Sep 18, 2006 20:19
My life has pretty much been in shambles lately. The time for curious gestures and half assed hellos is over. Last night I spent I found myself in a tin can of a house, wind tearing at the curtains and rain soaking into the sagging, water stained ceiling, a mingle of legs bustling past me one by one. I bled onto the carpet in the living room, lying next to a mound of dirt spilled out of a rotting tropical plant. It was the kind of dirt with little white particles that I never knew the exact purpose of, and found myself wondering intently at my desperate moment of clarity, there on that floor, what God would think of these white specks in his dirt. More clarity. What would the owner of this dilapidated shack think of my blood on his carpet?

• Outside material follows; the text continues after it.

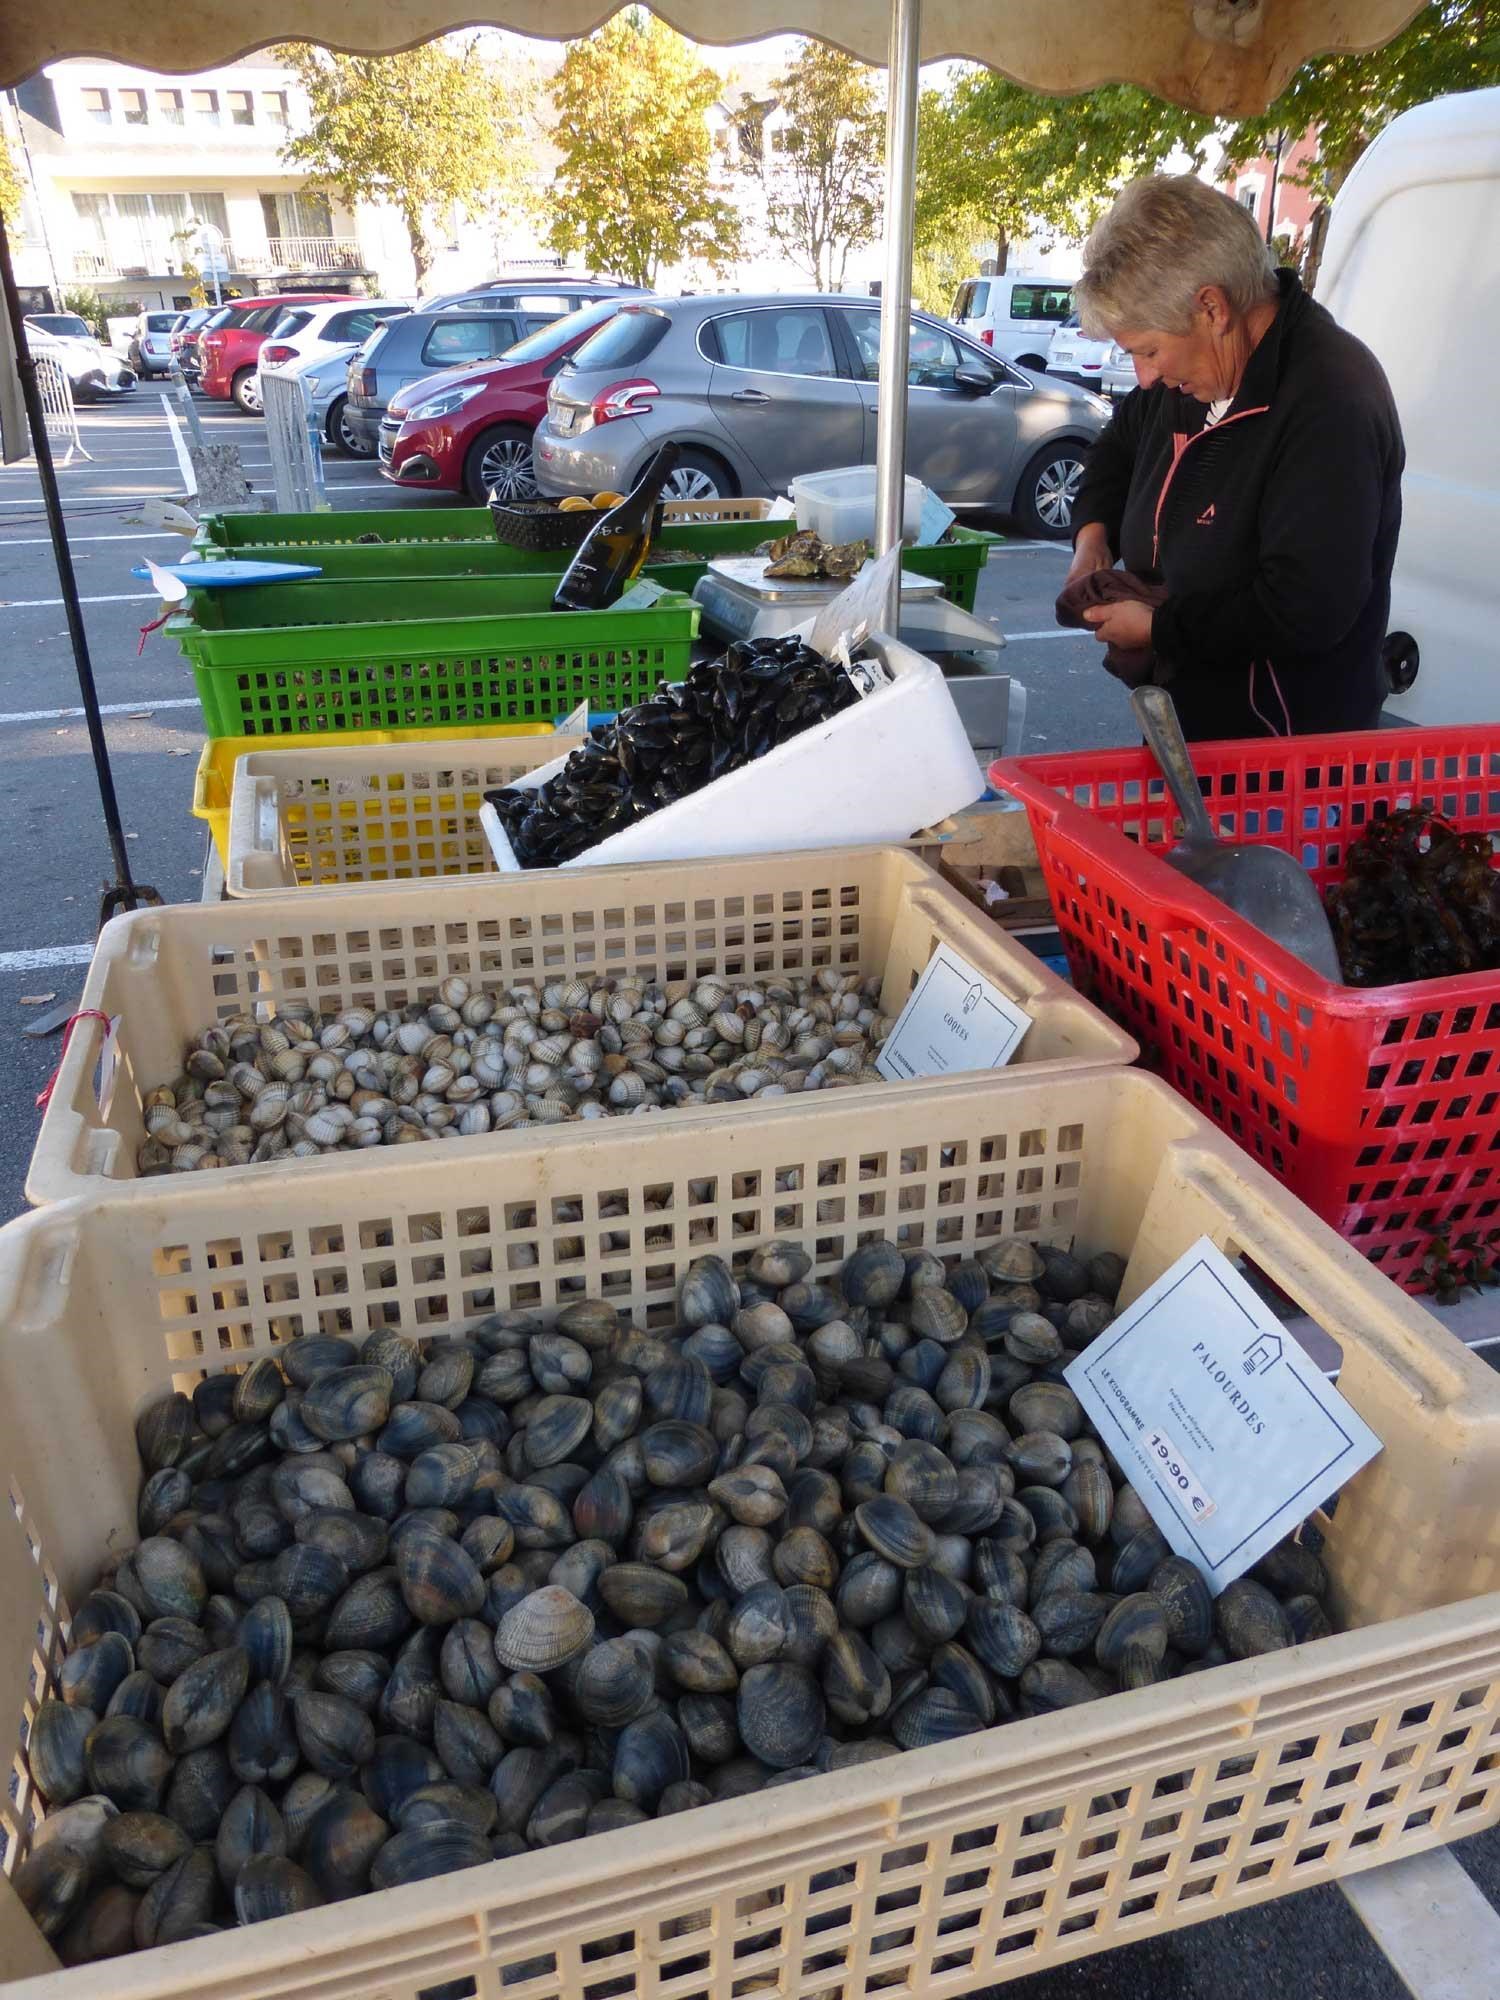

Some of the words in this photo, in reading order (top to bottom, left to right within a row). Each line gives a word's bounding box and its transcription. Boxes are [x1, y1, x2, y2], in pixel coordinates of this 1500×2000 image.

I'd run for three blocks and the nipping at my heals pounced against the walls in red and blue light and then was gone. I became aware of the pain in my wrist that still held fragments of pavement in little impact dimples. It doesn't seem to matter, the texture of the concrete. You always seem to take something with you upon rising after a spill, or more exactly, a terrible and painful pummeling. Embarrassment. Not an emotion I should be conscious of in my state, the smell of dog and vomit filling my lungs as my temple beats a drum line against the shag. This seventies, retro, pile of decomposing pine studs and shingles comes into focus in its entirety. There is a plastic, pear shaped, metal legged chair of lime green bubbled along its backside from being put closer to the radiator more times than was safe or reasonable. A light of sorts hangs flickering in the corner, its bulb surrounded by tiny brown diamonds in a poor man's chandelier. The sunset through a slit in the heavy curtains made what I could see a surreal shade of orange like in the happy ends of movies for couples. Footsteps. It is then that I am brought abruptly to my feet by a well built man reminding me of Jesus while the blood from my knee fails to clot, my pant leg ripping my wound anew, flesh from tender tissue. Before I can see much of anything at all, my savior grasps me, then, by my throat. I struggle to breathe. Throbbing under hot fingers, I gurgle out some pitiful yelp. The stranger, whose home I have apparently thrust myself into, bleeding, belligerent, and without an express invitation, clutches harder, until unkempt finger nails bore into my skin, and demands, in a shower of saliva, my mother fucking business bleeding on his floor.